Anti-tuberculosis drug-induced liver injury correlated with the methylation in the promoter regions of CYP2E1 and GSTM1
10.16571/j.cnki.1008-8199.2019.06.011
- VernacularTitle: 药物代谢酶CYP2E1、GSTM1基因启动子区甲基化与抗结核药物性肝损伤的相关性研究
- Author:
Le-le DENG
1
;
Li-qin WEI
1
;
Jin-Qi HAO
1
;
Dong ZHANG
1
;
Bao-cui HU
1
Author Information
1. Department of Institute of Public Health
- Publication Type:Journal Article
- Keywords:
21;
methylation;
anti-tuberculosis drug induced liver injury
- From:
Journal of Medical Postgraduates
2019;32(6):613-618
- CountryChina
- Language:Chinese
-
Abstract:
Objective No study has been reported on the association between the abnormal methylation of drug metabolic enzymes and anti-tuberculosis drug-induced liver injury (ATLI). This article aimed to investigate the relationship of ATLI with the methylation of the CpG islands in the promoter regions of cytochrome P450 2E1 (CYP2E1) and glutathione s-transferase M1 (GSTM1) in Chinese Mongolian patients with tuberculosis (TB). Methods This retrospective study included 93 cases of TB diagnosed and treated in the TB prevention and treatment institutions of Tongliao, Inner Mongolia, between September 2016 and December 2017, which were divided into an ATLI (n = 31) and a non-ATLI group (n = 62), the former with and the latter without ATLI within 6 months after anti-TB medication. We compared the methylation levels of the CYP2E1 and GSTM1 genes between the two groups of patients and analyzed the risk factors of ATLI. Results In comparison with the non-ATLI controls, the patients of the ATLI group showed significantly lower methylation levels in the promoter regions of CYP2E1 (0.759 ± 0.066 vs 0.694 ± 0.091, P < 0.05) and GSTM1 (0.207 ± 0.093 vs 0.187 ± 0.092, P < 0.05).

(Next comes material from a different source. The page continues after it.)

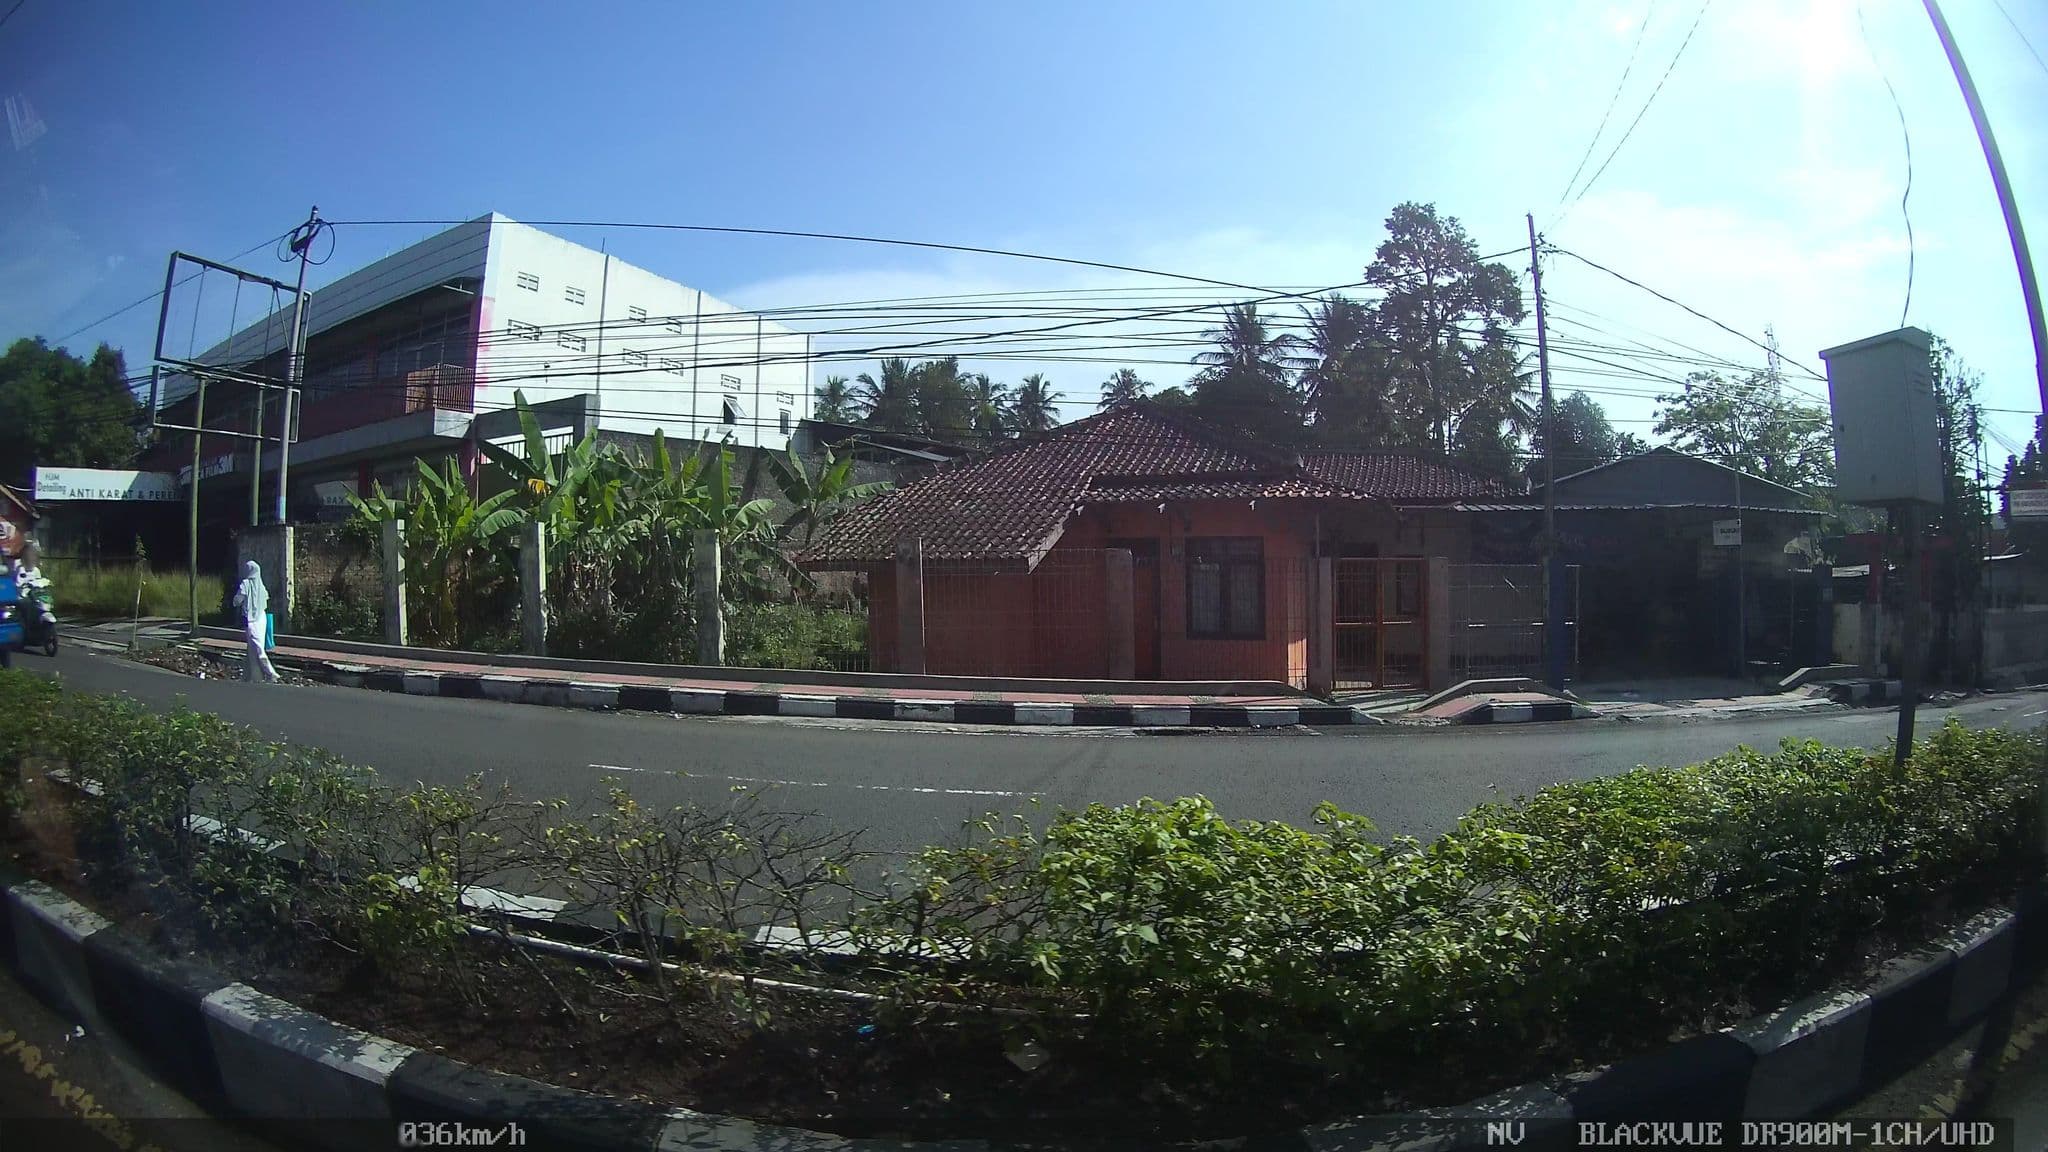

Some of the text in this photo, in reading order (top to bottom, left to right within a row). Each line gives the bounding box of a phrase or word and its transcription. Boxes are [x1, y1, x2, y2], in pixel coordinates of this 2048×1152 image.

[69, 488, 95, 498] ANTI
[99, 489, 134, 499] KARAT
[138, 490, 144, 499] &

Multivariate logistic regression analysis revealed that the main risk factors of ATLI included alcohol consumption (OR = 5.329, 95% CI: 1.442-19.697, P < 0.05) and methylation in the CYP2E1 promoter region (OR = 0.312, 95% CI: 0.165-0.591, P < 0.05) in the TB patients. Conclusion ATLI is associated with the methylation level in the promoter region of the CYP2E1 gene in Chinese Mongolian patients with tuberculosis, indicating that the methylation of CYP2E1 could be used as a biomarker in the prevention and control of ATLI.